J'entends des pas traînants dans le couloir. Sans tourner la tête, je sais que ma femme entre dans la cuisine. C'est la première fois depuis trois mois qu'elle se lève.
Elle a demandé : « J'ai entendu du bruit... que se passe-t-il ? » Sa voix était faible, très faible. Elle chuchotait presque. Quand elle nous aperçoit au sol, pâles, immobiles et les yeux remplis de larmes, elle comprend, puis crie. Un long, un très long cri déchirant.

Nous avons appelé l'école pour leur dire que nous venions chercher les garçons. Ils devaient être là. C'est leur sœur. Nous arrivons à l'école et, deux minutes plus tard, mes deux plus jeunes fils passent le portail de l'école. La directrice ouvre la portière arrière et les deux petits montent. Ils ne parlent pas, mais je vois dans leurs yeux qu'ils ne comprennent pas. Oh, pour ça... ils le sauront bientôt.
La portière claque et mon fils démarre. Nous prenons la direction de l'hôpital.

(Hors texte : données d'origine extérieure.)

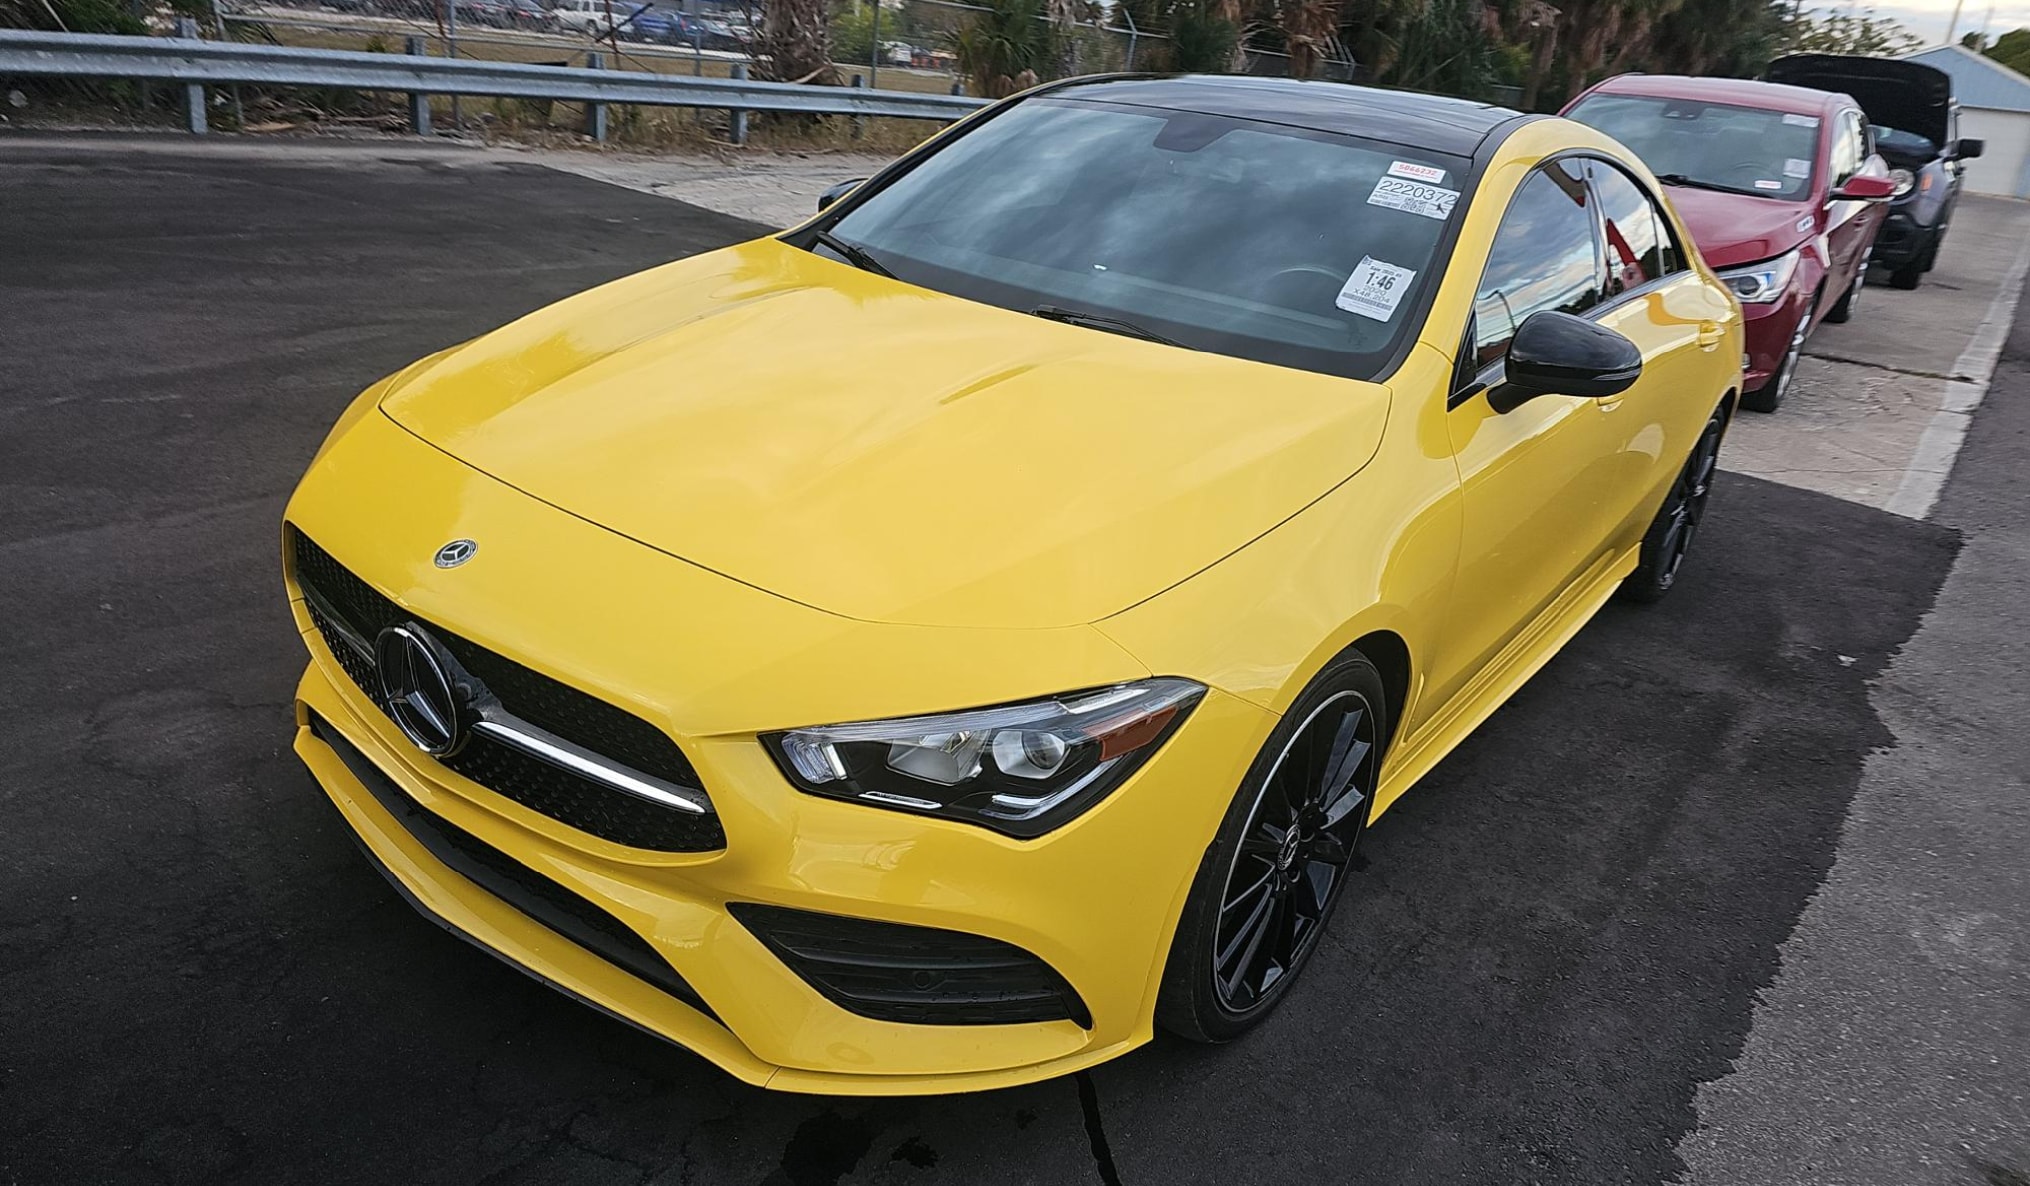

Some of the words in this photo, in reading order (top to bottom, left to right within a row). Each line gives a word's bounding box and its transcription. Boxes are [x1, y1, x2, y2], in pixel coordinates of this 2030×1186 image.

Une fois arrivés, nous sortons du véhicule et courrons jusque l'accueil. La secrétaire nous indique que nous sommes attendus et nous rappelle l'étage et le numéro de chambre. C'était inutile, car en trois mois, nous le savions parfaitement.
Bâtiment 3, quatrième étage, porte 336.

Nous marchons en direction du bon bâtiment, prenons l'ascenseur et montons jusqu'au quatrième étage. Là, nous nous dépêchons d'arriver devant la chambre qu'occupe ma précieuse petite fille chérie. Nous frappons, puis entrons. Il n'y avait personne, excepté, bien évidemment, de son occupante.
Mais quelques secondes plus tard, une infirmière entre. Elle nous dit qu'il n'y avait plus d'autres solutions possibles. Pendant trois mois, dit-elle, les médecins ont cherché, consulté des spécialistes, en vain. Il le fallait. Il n'y avait plus d'espoir possible. Aucun.
Ma femme se met à pleurer. Mon fils aîné serre les poings. Quant à moi... je tremble. Je résiste à l'envie de hurler, de tout casser. Je retiens mes larmes, tente difficilement de me contrôler.
Mais peut-on vraiment contrôler cette foutue douleur qui détruit notre cœur, qui brise nos vies, qui nous rend fous ? Peut-on vraiment contrôler ce sentiment d'impuissance, ce sentiment que l'on n'a pas assez aimé, que l'on n'a pas assez fait ou donné ? Peut-on vraiment contrôler cette haine de nous-mêmes, ce dégoût de nous-mêmes ?

L'infirmière nous adresse un sourire triste, compatissante. Elle se détourne et contourne le lit de ma fille. Elle s'approche de l'appareil qui maintient ma fille en vie. Elle tend la main, mais hésite quelques secondes. Elle tremble.
Peut-être a-t-elle déjà dû ressentir cela. Peut-être a-t-elle déjà fait ce geste à une personne qu'elle tenait tant. Peut-être. Sûrement. Et pourtant, elle le fait. Elle approche sa main du bouton, puis le tourne.

Un long, un très long « biiiiiip » retentissant brise nos tympans. Ma femme s'écroule, secouée par des sanglots. Mon fils aîné hurle. Mes deux plus jeunes crient de peur et d'incompréhension. Quant à moi... Moi, je regarde l'écran qui indiquait la fréquence cardiaque de ma fille. Le mien s'arrête, et mon monde s'écroule subitement.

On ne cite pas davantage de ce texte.